2. Data Atribut (deskripsi)
Data yang mempresentasikan aspek-aspek deskripsi/penjelasan dari suatu fenomena di permukaan bumi dalam bentuk kata-kata, angka, atau tabel. Data atribut ada dua, yaitu:1) data kuantitatif (angka-angka/statistik), contoh: jumlah penduduk dan 2) data kualitatif (kualitas/mutu), contoh: tingkat kesuburan tanah sumber data SIG.
d. Inteligensi Manusia (Brainware), merupakan kemampuan manusia dalam mengelola dan memanfaatkan sistem informasi geografi. Manusia juga harus mampu memadukan pengelolaan, koordinasi, dan pemanfaatan sistem informasi geografi.
6. Tahapan Kerja Sistem Informasi Geografis (SlG)
Tahapan kerja sistem informasi geogarfi meliputi tiga tahap, yaitu:
a. Tahap Pemasukan Data
Data yang dapat diolah oleh SIG adalah data geospasial yaitu data tentang lokasi geografis, dimensi atau ukuran, karakteristik objek alam atau buatan manusia yang terdapat di permukaan Bumi. Data geospasial ada dua, yaitu: 1) data grafis/geometris yaitu data SIG yang berbentuk vektor dan raster. Data vektor memiliki arah dan jarak, sementara data raster berbentuk piksel dan 2) data atribut yaitu identitas yang dimiliki oleh data grafis.
Proses pemasukan data SIG dilakukan dalam beberapa tahapan.

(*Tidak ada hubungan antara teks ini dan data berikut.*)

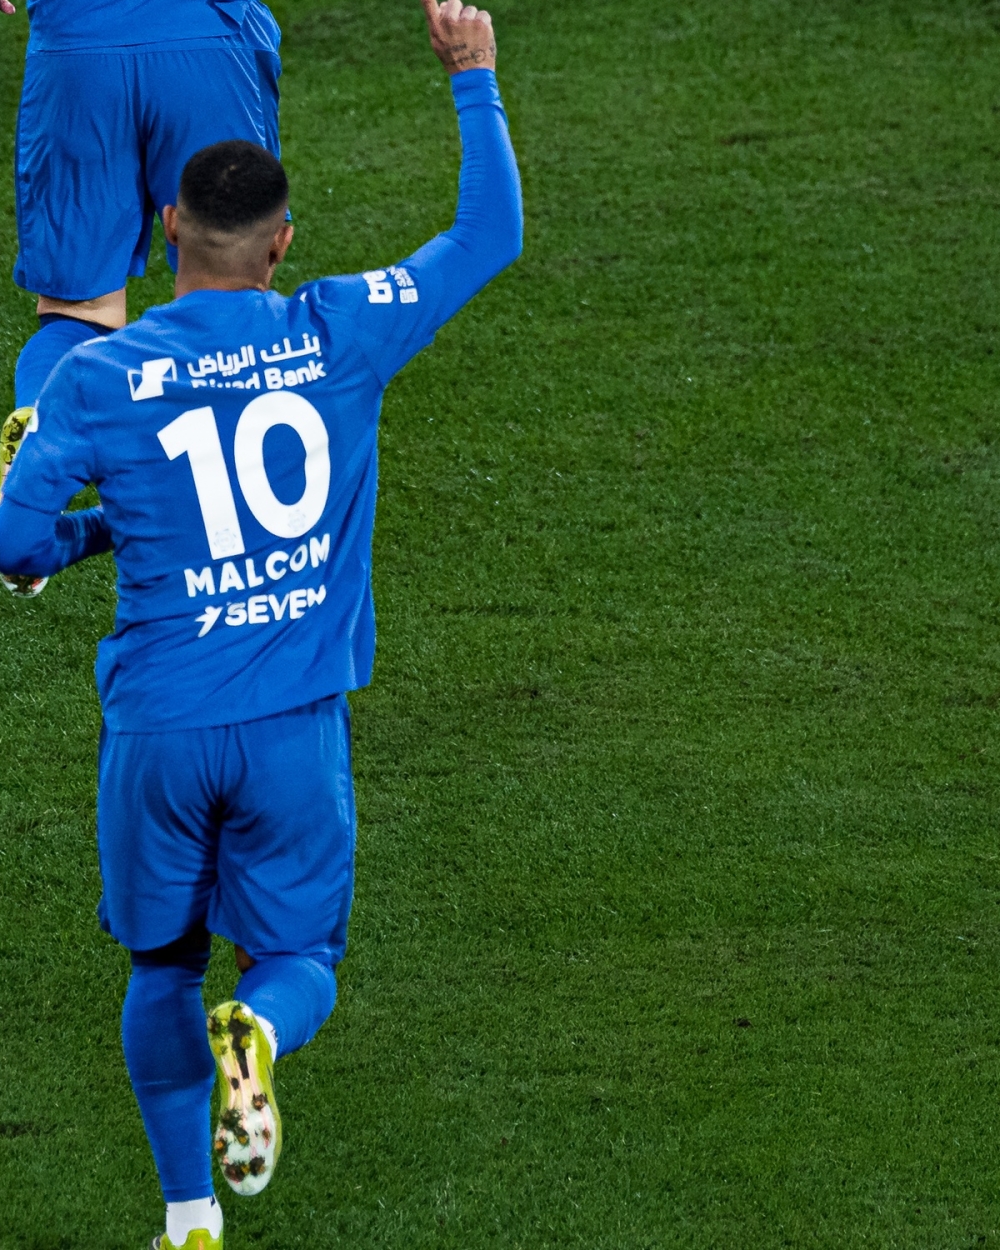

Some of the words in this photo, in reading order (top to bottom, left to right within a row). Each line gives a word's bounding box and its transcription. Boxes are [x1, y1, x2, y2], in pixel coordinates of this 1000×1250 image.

[187, 344, 256, 378] الرياض
[260, 333, 322, 363] بنك
[264, 360, 327, 390] Bank
[157, 391, 331, 561] 10
[184, 533, 331, 598] MALCOM
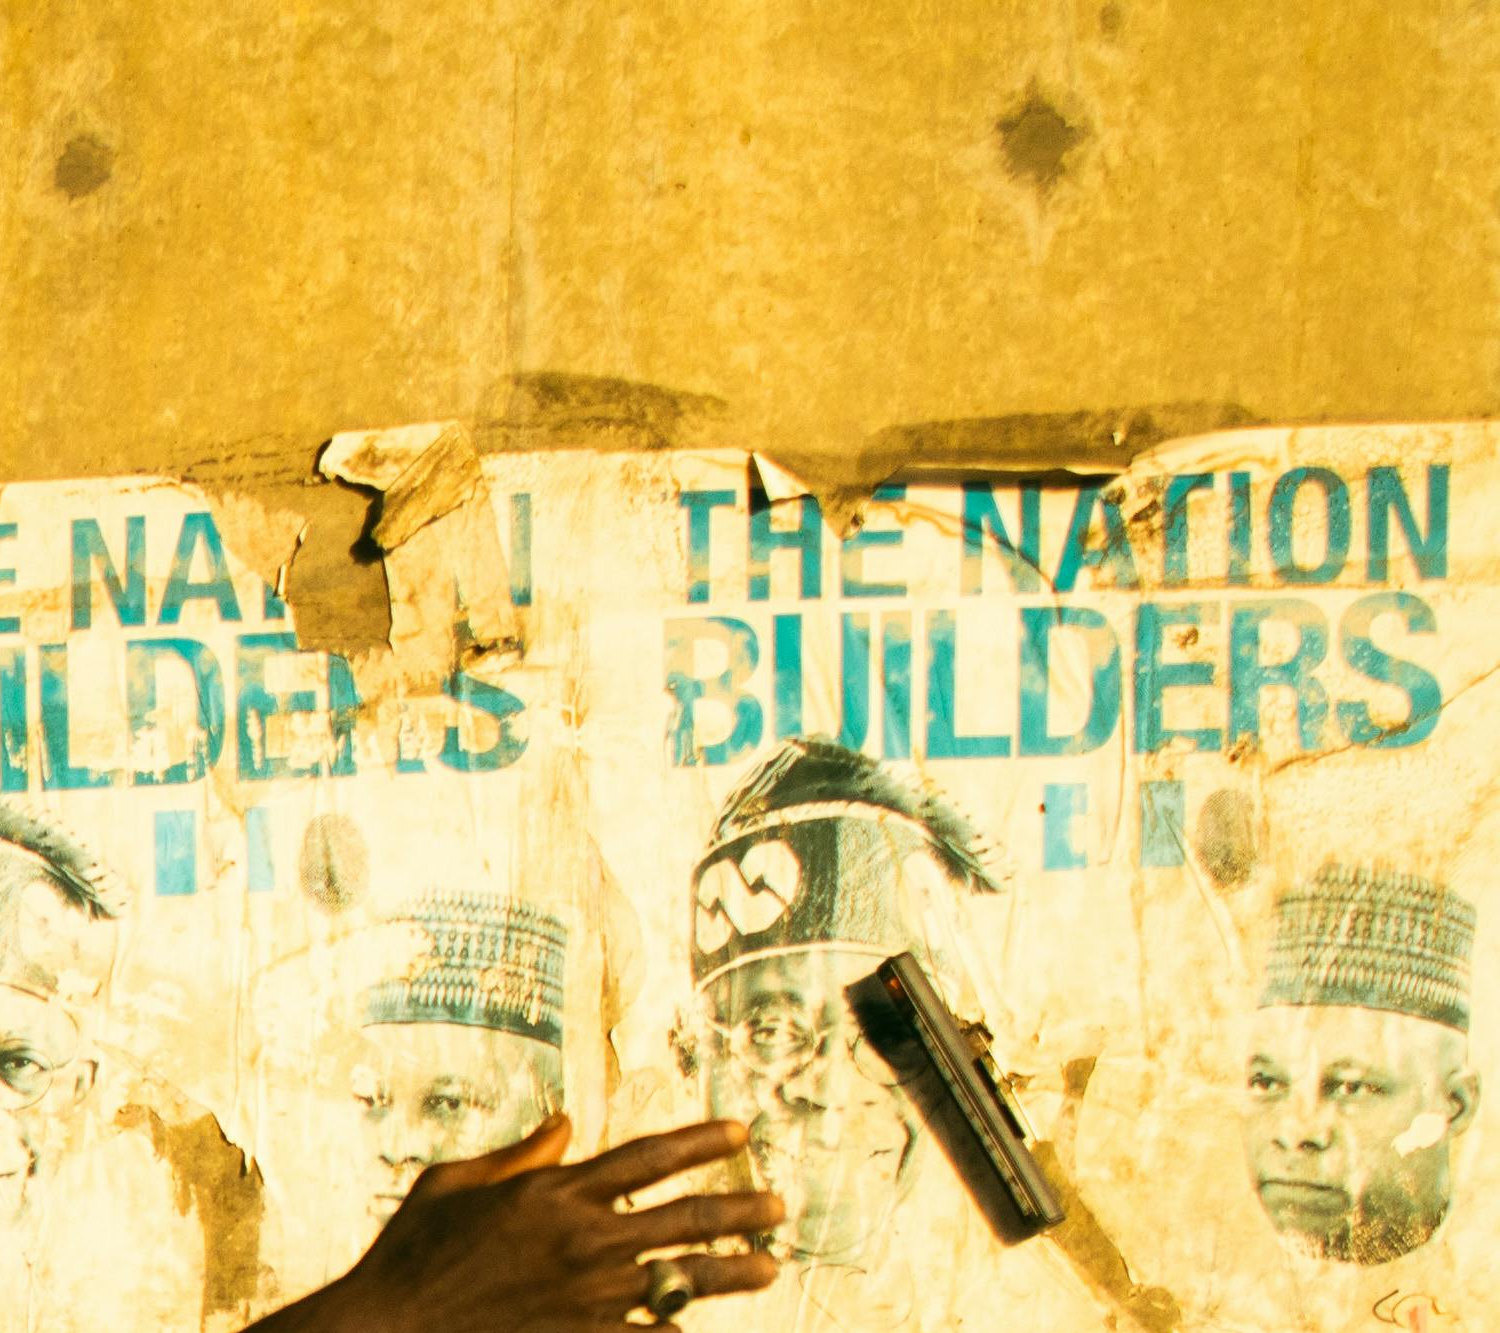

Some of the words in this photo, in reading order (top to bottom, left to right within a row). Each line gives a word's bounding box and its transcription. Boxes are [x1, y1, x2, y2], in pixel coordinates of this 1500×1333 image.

[679, 483, 908, 604] THE
[961, 464, 1451, 594] NATION
[663, 591, 1442, 767] BUILDERS

Tahap-tahap pemasukan data SIG sebagai berikut:
1. Akuisisi merupakan proses awal berupa pemasukan dan perekaman data dalam komputer.
2. Editing merupakan proses perbaikan hasil digitasi. Pada tahap ini dilakukan koreksi dan perbaikan data atau simbol yang salah.
3. Pembangunan topologi data, dilakukan untuk membedakan data titik, garis, dan area.
4. Pemberian atribut yaitu pemberian identitas atau atribut data. Tahap ini dilakukan apabila topologi data terbentuk.
5. Transformasi koordinat yaitu tahap transformasi dari koordinat hasil digitasi ke koordinat yang sesuai dilapangan.
b. Tahap Pengelolaan Data
Pengelolaan data bertujuan untuk menyiapkan data yang dapat diolah lebih lanjut pada tahap berikutnya. Tahap pengelolaan data ada dua, yaitu:
1. Pengarsipan bertujuan menyimpan data yang akan dianalisis. Apabila akan dilakukan pemanggilan data, data yang diinginkan mudah didapat karena telah diarsipkan.
Pengarsipan dilakukan terhadap data dasar hasil digitasi dan data dasar lainnya.
2. Pemodelan dilakukan dengan membuat konsep analisis untuk mendapat informasi baru.
Pemodelan memperlakukan data untuk analisis sesuai dengan keinginan pengguna.
Pemodelan mencerminkan pola pikir pengguna dalam menganalisis data.
c. Tahap Manipulasi dan Analisis Data
Tahap manipulasi dan analisis data merupakan ciri utama SlG. Pada tahap ini terjadi proses pembentukan peta baru yang telah diolah, baik secara manual maupun komputerisasi. Kemampuan SIG dalam analisis data spasial dan data atribut akan menghasilkan informasi yang berguna untuk berbagai aplikasi.
Buffering adalah pembuatan poligon baru berdasarkan jarak yang telah ditentukan, baik pada data titik, data garis, data area, maupun data poligon.
Scoring dilakukan dengan memberi nilai dari sifat parameter yang digunakan dalam analisis. Penilaian memberikan pengaruh sifat terhadap perkiraan kejadian.
Overlay adalah penggabungan dua data grafis atau lebih secara tumpang susun untuk memperoleh data grafis baru yang memiliki satuan pemetaan. Overlay dapat di lakukan dengan metode identity, union, intersection, dan metode up date.